The data:
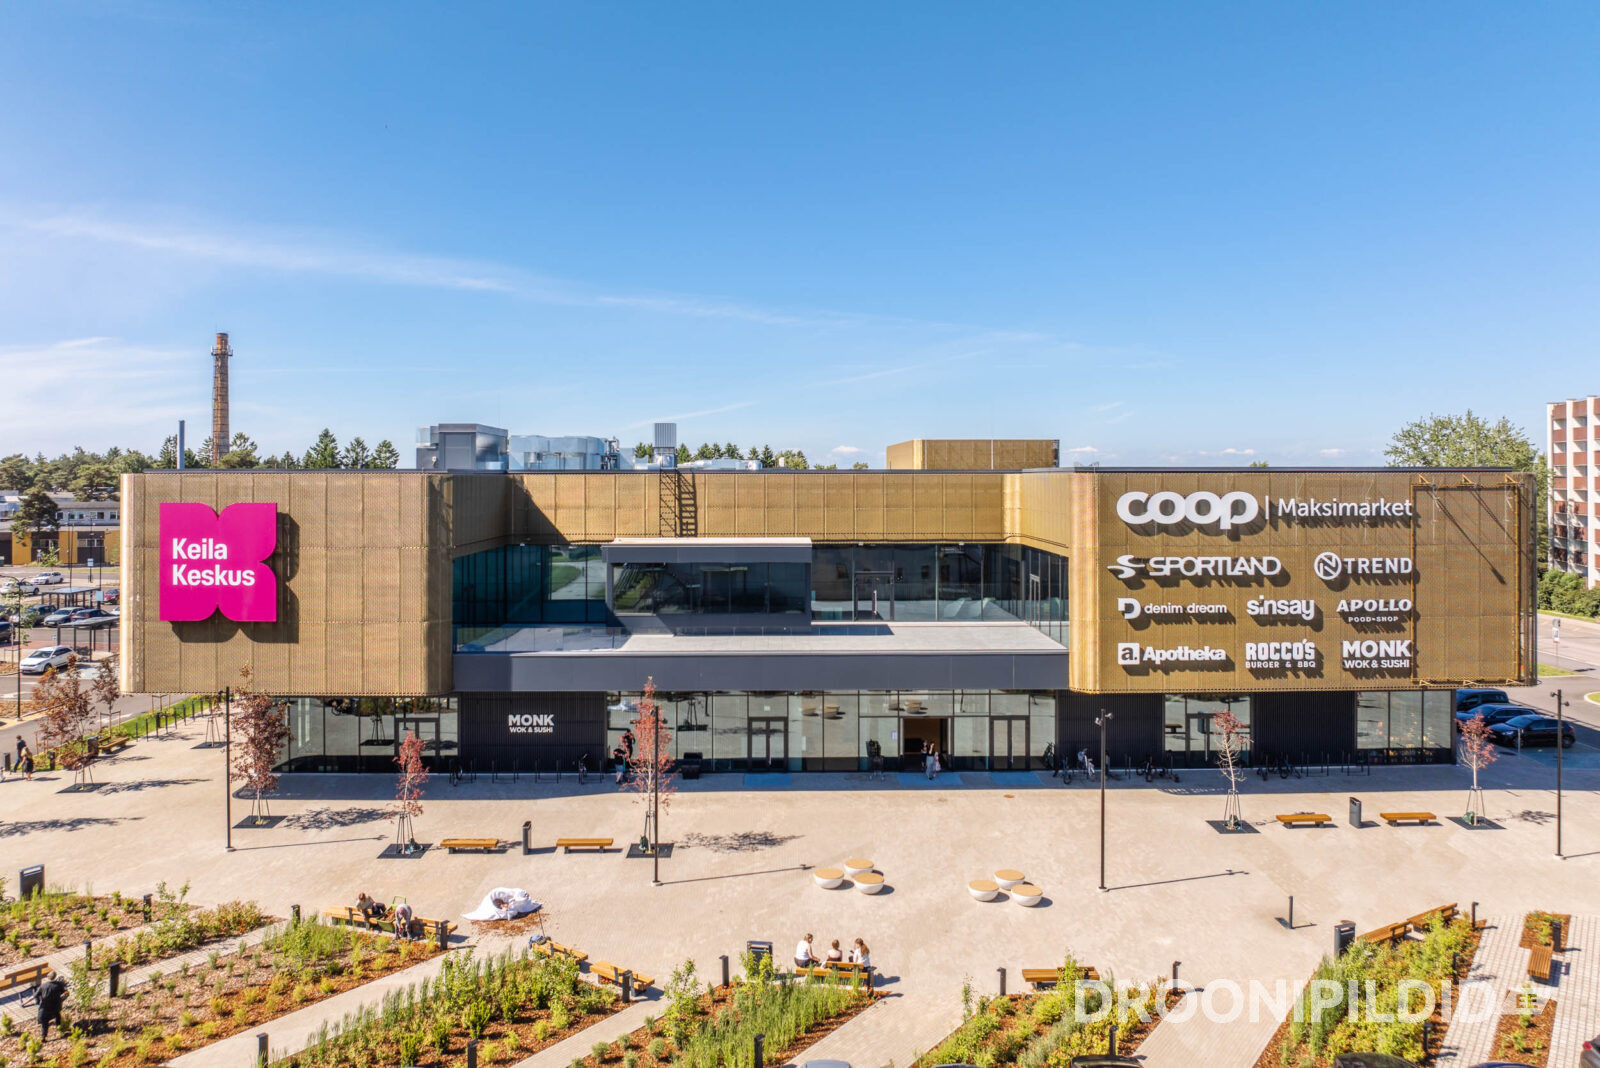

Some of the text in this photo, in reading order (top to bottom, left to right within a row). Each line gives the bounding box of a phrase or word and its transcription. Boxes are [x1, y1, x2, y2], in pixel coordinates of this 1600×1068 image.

[1116, 491, 1259, 530] coop
[1278, 498, 1413, 517] Maksimarket
[172, 538, 228, 560] Keila
[172, 564, 255, 586] Keskus
[1149, 556, 1281, 576] SPORTLAND
[1343, 557, 1413, 574] TREND
[1144, 602, 1183, 614] denim
[1186, 602, 1228, 614] dream
[1246, 594, 1315, 621] sinsay
[1336, 599, 1412, 612] APOLLO
[1142, 645, 1227, 665] Apotheka
[1245, 638, 1316, 661] ROCCO'S
[1342, 640, 1412, 658] MONK
[1245, 661, 1280, 669] BURGER
[1297, 661, 1316, 669] BBQ
[1344, 660, 1410, 669] WOK & SUSHI
[508, 714, 555, 726] MONK
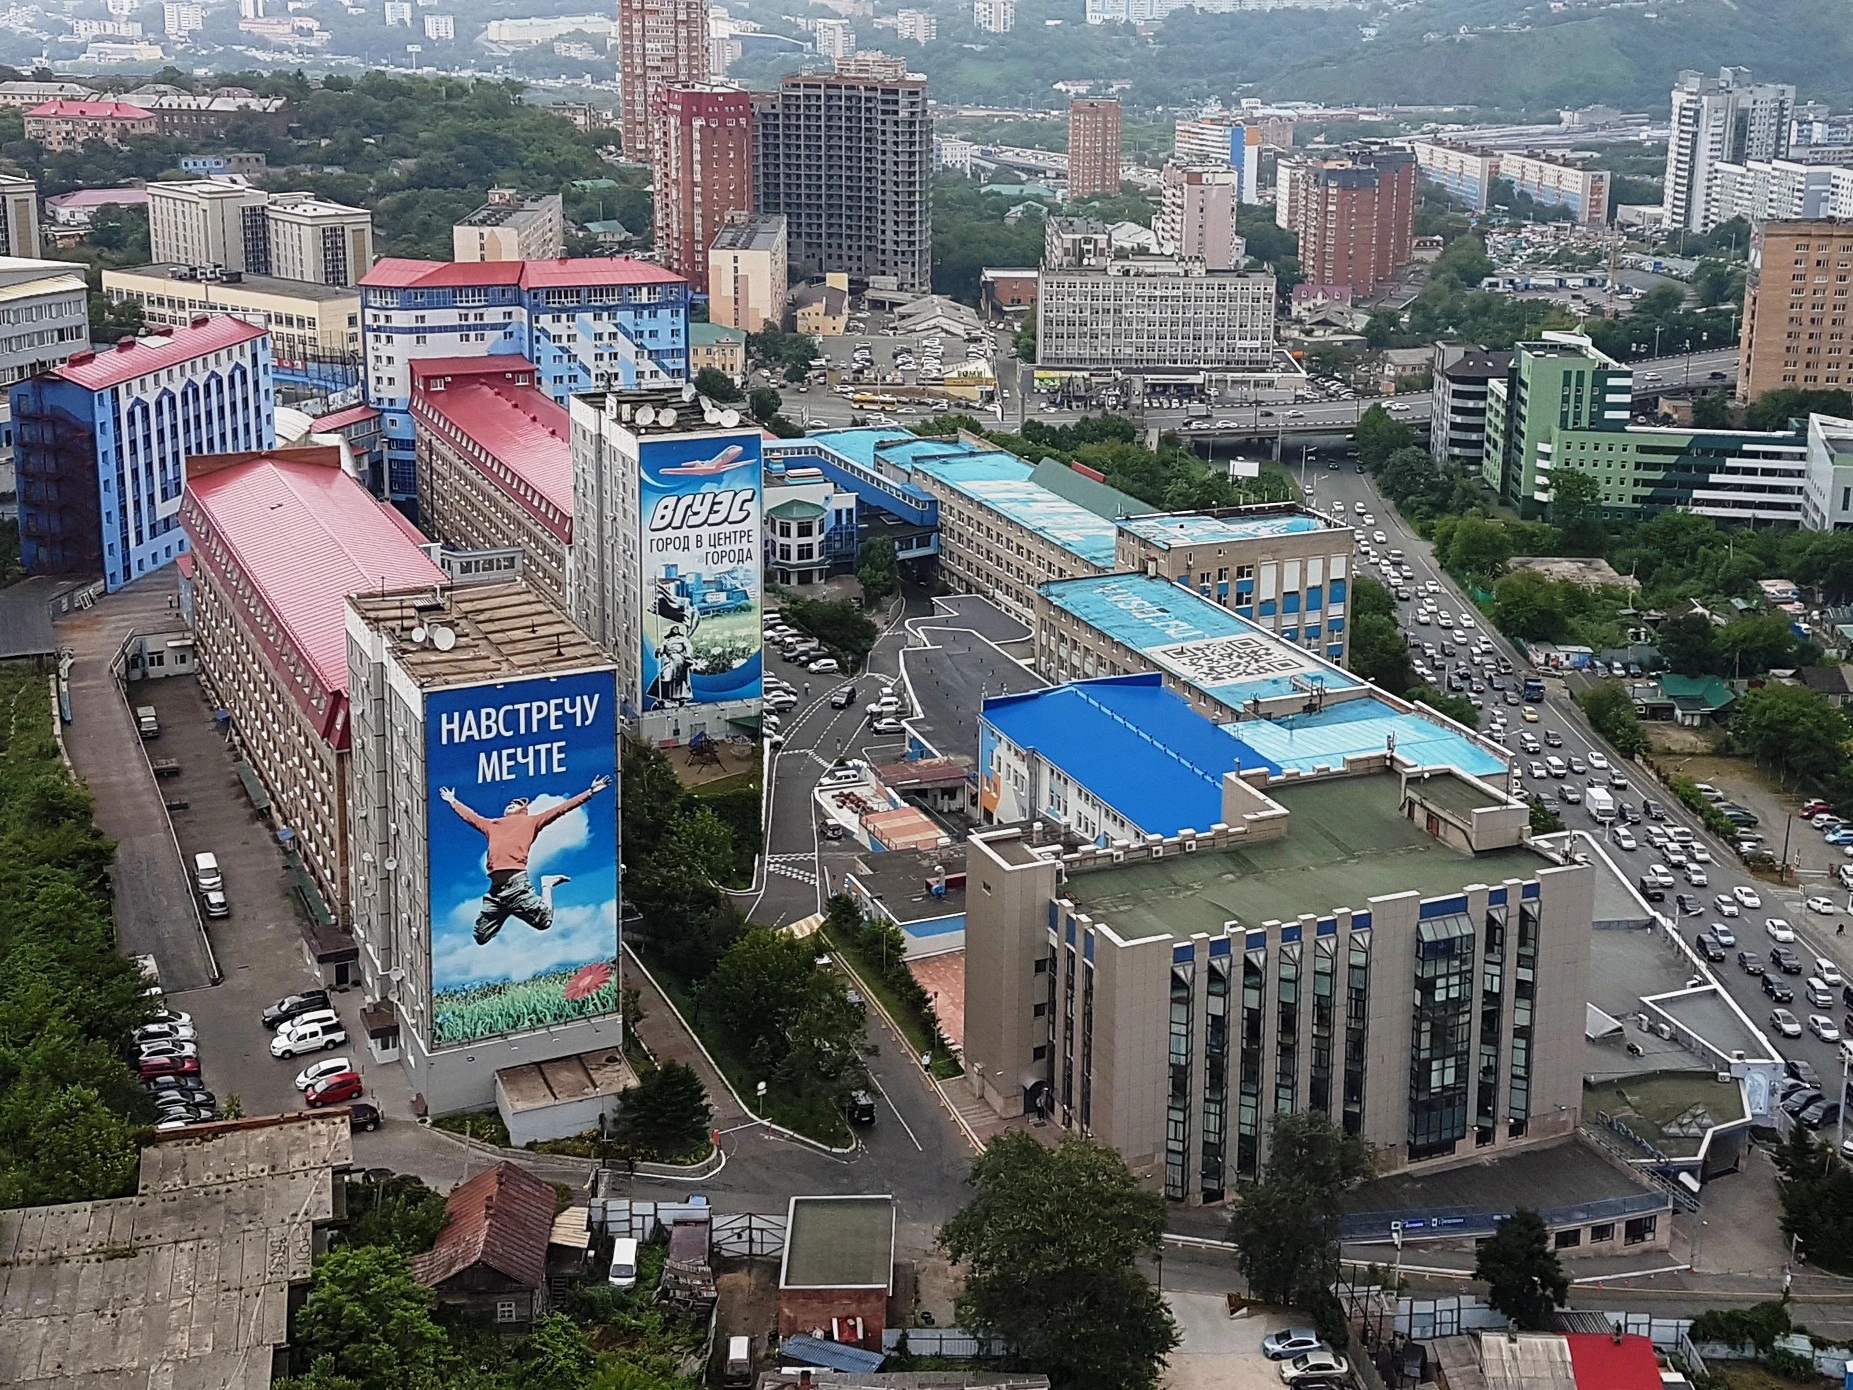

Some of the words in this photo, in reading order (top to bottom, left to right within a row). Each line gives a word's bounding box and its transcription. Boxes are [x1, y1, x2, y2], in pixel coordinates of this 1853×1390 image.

[649, 488, 756, 531] ВГУЭС
[650, 535, 690, 552] ГОРОД
[696, 534, 703, 548] В
[708, 529, 753, 549] ЦЕНТРЕ
[705, 547, 753, 565] ГОРОДА
[441, 693, 600, 744] НАВСТРЕЧУ
[477, 741, 567, 784] МЕЧТЕ
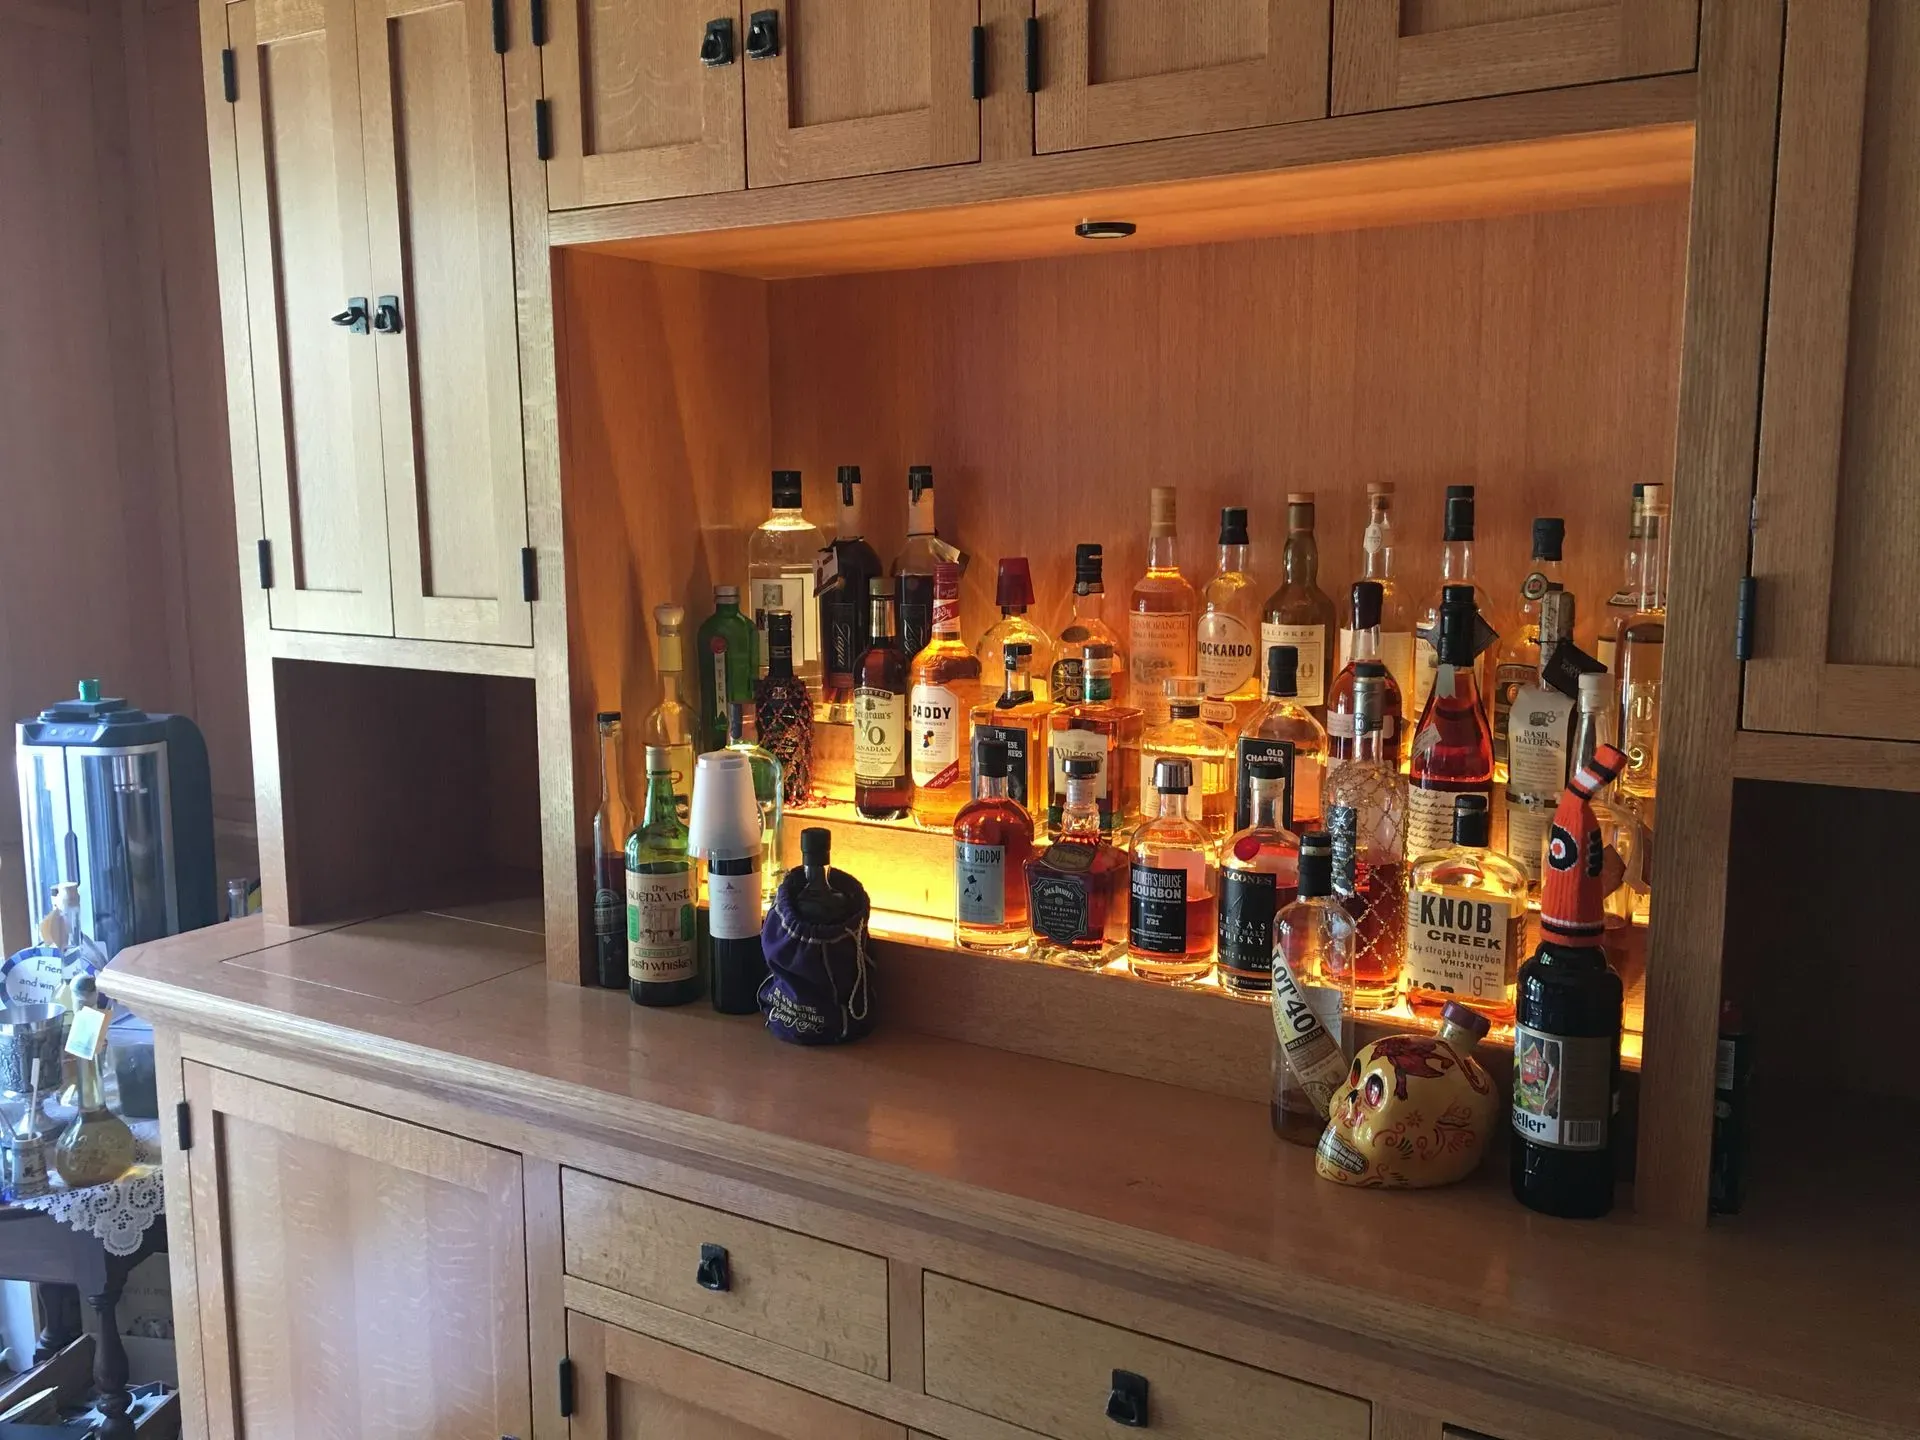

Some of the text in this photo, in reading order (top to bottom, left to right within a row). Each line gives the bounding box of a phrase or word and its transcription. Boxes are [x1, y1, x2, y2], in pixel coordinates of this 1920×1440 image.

Task description: Each entry above should be written out again exactly, without its pictures.

Response area:
Some of the text in this photo, in reading order (top to bottom, left to right within a row). Each line gives the bounding box of a phrase or word and its transcription. Boxes are [x1, y1, x2, y2], in pixel coordinates of this 1600×1068 image.

[1116, 491, 1259, 530] coop
[1278, 498, 1413, 517] Maksimarket
[172, 538, 228, 560] Keila
[172, 564, 255, 586] Keskus
[1149, 556, 1281, 576] SPORTLAND
[1343, 557, 1413, 574] TREND
[1144, 602, 1183, 614] denim
[1186, 602, 1228, 614] dream
[1246, 594, 1315, 621] sinsay
[1336, 599, 1412, 612] APOLLO
[1142, 645, 1227, 665] Apotheka
[1245, 638, 1316, 661] ROCCO'S
[1342, 640, 1412, 658] MONK
[1245, 661, 1280, 669] BURGER
[1297, 661, 1316, 669] BBQ
[1344, 660, 1410, 669] WOK & SUSHI
[508, 714, 555, 726] MONK

Some of the words in this photo, in reading order (top to bottom, left to right within a row). Each line gives a word's bounding box and its transcription. Boxes are [x1, y1, x2, y2], in pixel coordinates of this 1853×1390 image.

[649, 488, 756, 531] ВГУЭС
[650, 535, 690, 552] ГОРОД
[696, 534, 703, 548] В
[708, 529, 753, 549] ЦЕНТРЕ
[705, 547, 753, 565] ГОРОДА
[441, 693, 600, 744] НАВСТРЕЧУ
[477, 741, 567, 784] МЕЧТЕ

Some of the text in this photo, in reading order (top to bottom, left to right within a row). Each line gives the bounding box of a phrase or word and its transcription. Boxes are [x1, y1, x2, y2], in pixel coordinates of this 1920×1440 image.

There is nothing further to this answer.